■ Task objective: If an entry holds a picture, leave that picture out. Give everything else again exactly.

■ The input:
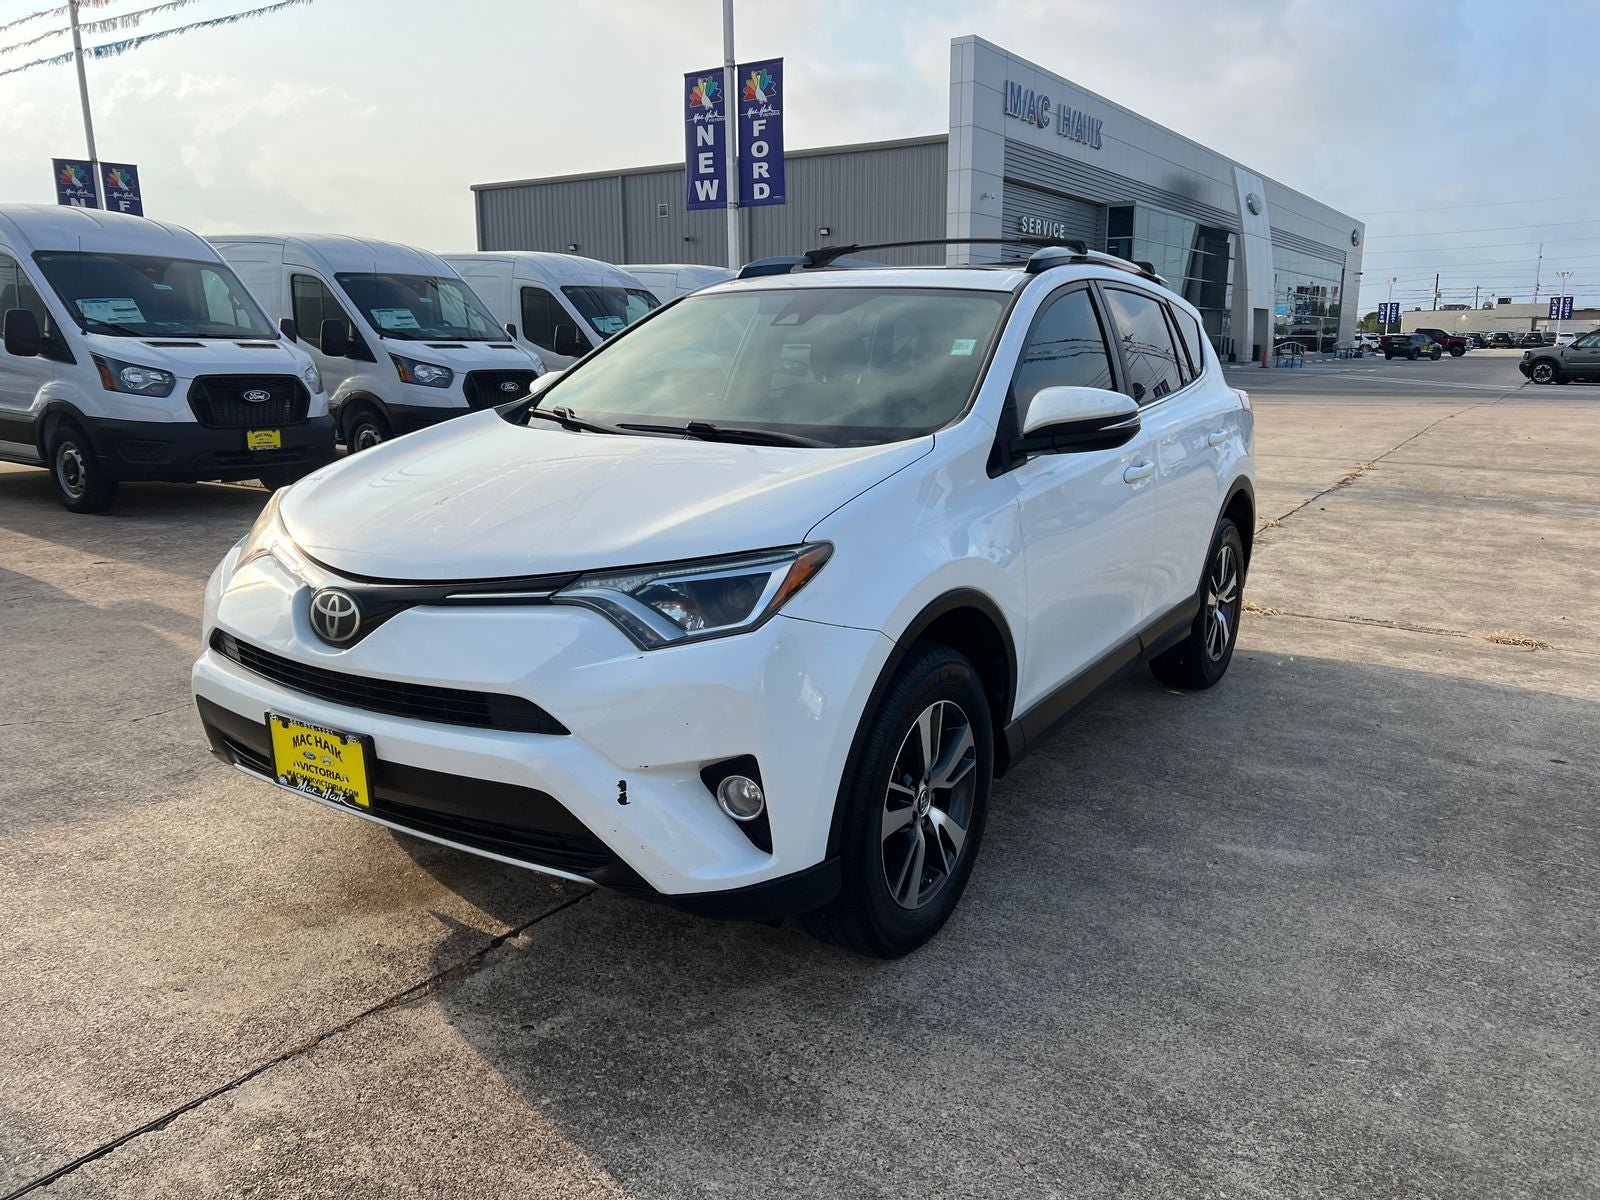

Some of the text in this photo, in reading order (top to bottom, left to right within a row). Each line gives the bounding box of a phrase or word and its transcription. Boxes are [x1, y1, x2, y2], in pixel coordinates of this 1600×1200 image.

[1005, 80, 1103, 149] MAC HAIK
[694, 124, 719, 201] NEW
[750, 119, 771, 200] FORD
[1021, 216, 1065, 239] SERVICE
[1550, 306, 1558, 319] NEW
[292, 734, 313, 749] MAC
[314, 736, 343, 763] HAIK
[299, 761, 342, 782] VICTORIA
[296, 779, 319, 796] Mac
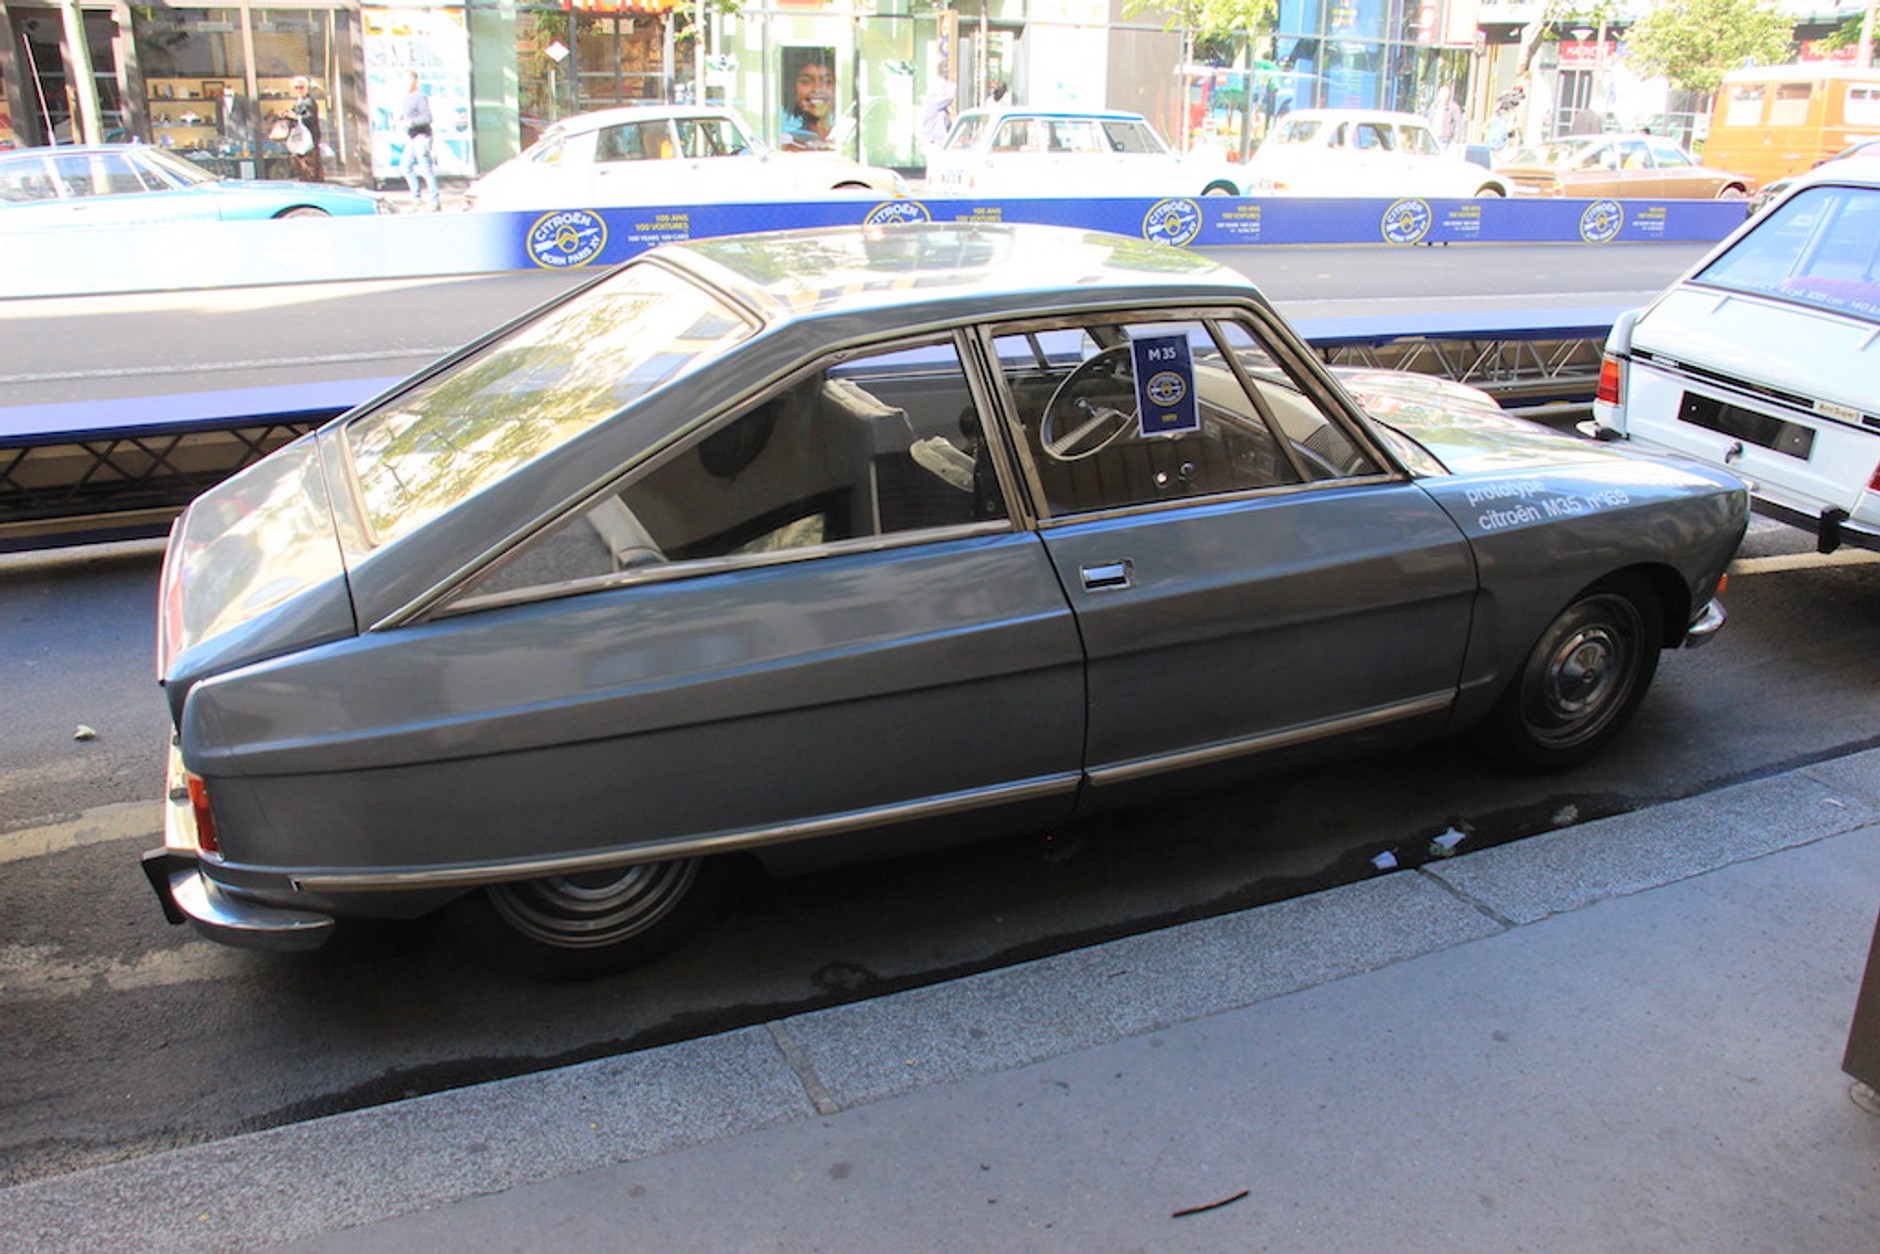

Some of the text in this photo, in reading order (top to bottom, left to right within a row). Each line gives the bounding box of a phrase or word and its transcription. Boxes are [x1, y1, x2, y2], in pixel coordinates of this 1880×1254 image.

■ Exercise answer:
Some of the text in this photo, in reading order (top to bottom, left to right within a row). Each line gives the bounding box of a phrase or word and its transcription. Boxes are [x1, y1, x2, y2], in pixel coordinates of this 1600×1200 image.

[1005, 80, 1103, 149] MAC HAIK
[694, 124, 719, 201] NEW
[750, 119, 771, 200] FORD
[1021, 216, 1065, 239] SERVICE
[1550, 306, 1558, 319] NEW
[292, 734, 313, 749] MAC
[314, 736, 343, 763] HAIK
[299, 761, 342, 782] VICTORIA
[296, 779, 319, 796] Mac

Some of the text in this photo, in reading order (top to bottom, left to right within a row). Each line gives the bounding box of a phrase or word and its transcription. Boxes are [x1, y1, x2, y2], in pixel coordinates of this 1880×1254 image.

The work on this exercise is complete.